At Wimbledon at the end of the month, in-the-know members are first in line for the Chelsea buns to be washed down with a flat white as they study the order of play, before hovering on the bridge between Members and the players’ corridor to spot the big names. The late quarter-finalist Jean Quertier trained the lucky relatives who enjoyed her lifelong Centre Court seats — perfectly placed to watch the comings-and-goings in the Royal Box — to say no to ice in their Pimm’s to bank a fuller glass. ‘The first Friday was the best, as there were still lots of players, but you’ve weeded out some of the chaff,’ says one of her great-nieces, who recommends using the charity car parking in the driveways of Wimbledon Village (‘support the RNLI and save your legs’), as well as clinching second-hand balls from the Southern Village store.
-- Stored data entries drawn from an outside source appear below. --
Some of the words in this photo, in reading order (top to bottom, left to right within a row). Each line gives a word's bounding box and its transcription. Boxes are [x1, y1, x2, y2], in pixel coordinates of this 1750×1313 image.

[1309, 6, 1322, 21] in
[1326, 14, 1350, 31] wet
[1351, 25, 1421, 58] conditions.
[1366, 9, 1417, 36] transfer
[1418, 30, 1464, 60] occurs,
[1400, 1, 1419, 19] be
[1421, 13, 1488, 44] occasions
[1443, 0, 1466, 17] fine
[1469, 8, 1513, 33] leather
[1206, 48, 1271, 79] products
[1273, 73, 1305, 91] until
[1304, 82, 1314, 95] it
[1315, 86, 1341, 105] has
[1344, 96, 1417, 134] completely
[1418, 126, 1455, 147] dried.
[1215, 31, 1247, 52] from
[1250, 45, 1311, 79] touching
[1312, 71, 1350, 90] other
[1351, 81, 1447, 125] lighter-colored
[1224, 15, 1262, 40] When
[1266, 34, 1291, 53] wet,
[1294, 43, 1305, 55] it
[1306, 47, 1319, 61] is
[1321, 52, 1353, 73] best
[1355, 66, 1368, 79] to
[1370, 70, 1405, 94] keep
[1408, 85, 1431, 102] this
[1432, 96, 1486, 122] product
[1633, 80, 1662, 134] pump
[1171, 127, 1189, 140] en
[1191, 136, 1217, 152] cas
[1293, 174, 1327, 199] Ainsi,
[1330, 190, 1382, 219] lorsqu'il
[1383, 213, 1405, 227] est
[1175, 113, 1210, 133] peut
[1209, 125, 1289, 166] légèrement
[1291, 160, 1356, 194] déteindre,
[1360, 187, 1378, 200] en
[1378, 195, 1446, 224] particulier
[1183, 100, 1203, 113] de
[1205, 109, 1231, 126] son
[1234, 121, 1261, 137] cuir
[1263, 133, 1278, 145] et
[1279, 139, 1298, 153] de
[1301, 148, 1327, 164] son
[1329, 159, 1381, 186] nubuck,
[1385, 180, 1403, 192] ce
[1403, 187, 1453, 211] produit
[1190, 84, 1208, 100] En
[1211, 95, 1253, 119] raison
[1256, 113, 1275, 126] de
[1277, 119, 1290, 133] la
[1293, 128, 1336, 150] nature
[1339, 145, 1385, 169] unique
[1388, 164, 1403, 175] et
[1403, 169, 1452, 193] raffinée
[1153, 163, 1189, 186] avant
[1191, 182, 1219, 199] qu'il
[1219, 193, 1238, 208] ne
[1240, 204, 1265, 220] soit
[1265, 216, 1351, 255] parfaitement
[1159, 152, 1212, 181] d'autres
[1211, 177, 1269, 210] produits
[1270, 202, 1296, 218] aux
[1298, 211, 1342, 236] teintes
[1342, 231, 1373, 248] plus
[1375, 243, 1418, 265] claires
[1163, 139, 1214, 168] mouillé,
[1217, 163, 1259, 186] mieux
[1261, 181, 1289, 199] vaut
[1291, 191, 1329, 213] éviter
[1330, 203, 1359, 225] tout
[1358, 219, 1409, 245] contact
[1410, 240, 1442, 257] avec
No summer is complete without the Lord's Test match
For more picnicking grandeur, Glyndebourne in East Sussex raises the stakes: think starch-white tablecloths, dinner candles and black-tie clad diners near the ha-ha. ‘People picnicking in my garden has been happening all my life. As a child, we had to stop playing cricket on the lawn after lunch, which was irritating.
There were pluses — an endless supply of strawberries, for example,’ admits the opera’s executive chairman Gus Christie, grandson of John Christie and Audrey Mildmay, who founded the festival more than 90 years ago. ‘People often assume that Glyndebourne is an open-air venue because of the images of guests picnicking, but, in fact, we have a state-of-the-art indoor auditorium,’ Mr Christie adds. ‘Arrive early to explore the 12 acres of gardens, soak in the unique surroundings and, if it’s your first opera, don’t worry about understanding every detail — let the music and drama wash over you.’
At Henley Royal Regatta, Oxfordshire, in early July, picnics might not be candlelit, but one rowing-mad Old Radleian insists on forgoing the set lunch or tea menu in the Stewards’ Enclosure in favour of ‘an opulent picnic in Lion Meadow car park, preferably a side of salmon served from the boot of the Bentley. The more silverware the better,’ he emphasises, tipping a visit to the Regatta Enclosure to get close to the crews and listen in to pre-race pep talks, before winding down with the entertainment along the towpath and ending the night at Barn Bar alongside rowdy crews commiserating after being knocked out.
Legs satisfyingly sore and fuelled by Pimm’s, each of the Season’s staples — whether on the riverbank, racecourse or to the sound of Le Nozze di Figaro — is a delicious chance to step back in time and bask in the best of Britain, until the sun sets on another summer and the Panama is put out to pasture once more.